There is also calibrated airspeed (CAS). Instruments do not always give exact indications, and airspeed indicators are no exception. Especially at higher angles of attack, what you see on the ASI may vary from what you actually get; the difference will be found as calibrated airspeed values in performance charts in your pilot's operating handbook.
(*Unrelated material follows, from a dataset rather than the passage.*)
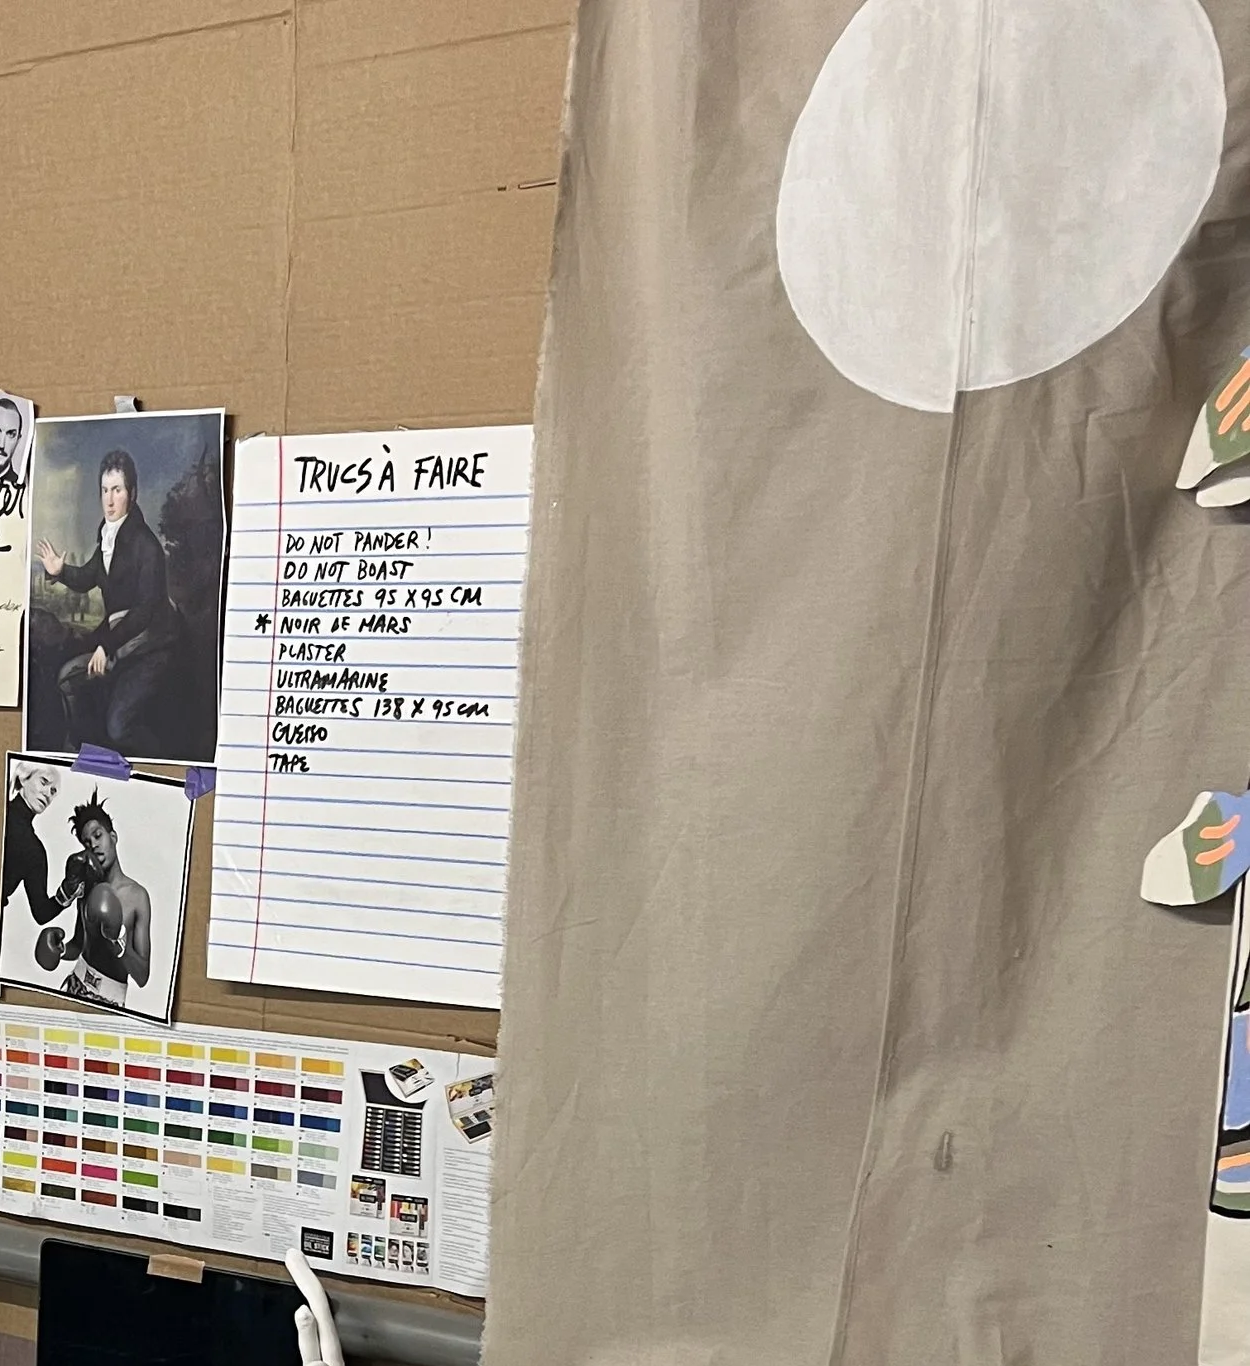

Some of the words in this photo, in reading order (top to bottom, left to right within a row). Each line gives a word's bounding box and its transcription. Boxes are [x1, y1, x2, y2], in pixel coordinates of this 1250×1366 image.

One example is the chart giving stall speeds at various flap settings and center-of-gravity loadings. In most cases the differences between calibrated and indicated airspeed will be almost negligible in cruise flight.

Next there's true airspeed (TAS). When temperature and/or pressure vary from so-called standard conditions, true airspeed will differ from CAS. "Think of your airspeed indicator as being calibrated to be accurate at sea level on a standard day when the barometric pressure is 29.92 inches of mercury and the temperature is 59 degrees Fahrenheit," explains Thomas B. Haines in "The Truth About True Airspeed" in the September 1998 AOPA Pilot magazine. TAS is used for cruise-performance calculations. Click here to download Chapter Six of the Pilot's Handbook of Aeronautical Knowledge for a full discussion of the three kinds of airspeed values.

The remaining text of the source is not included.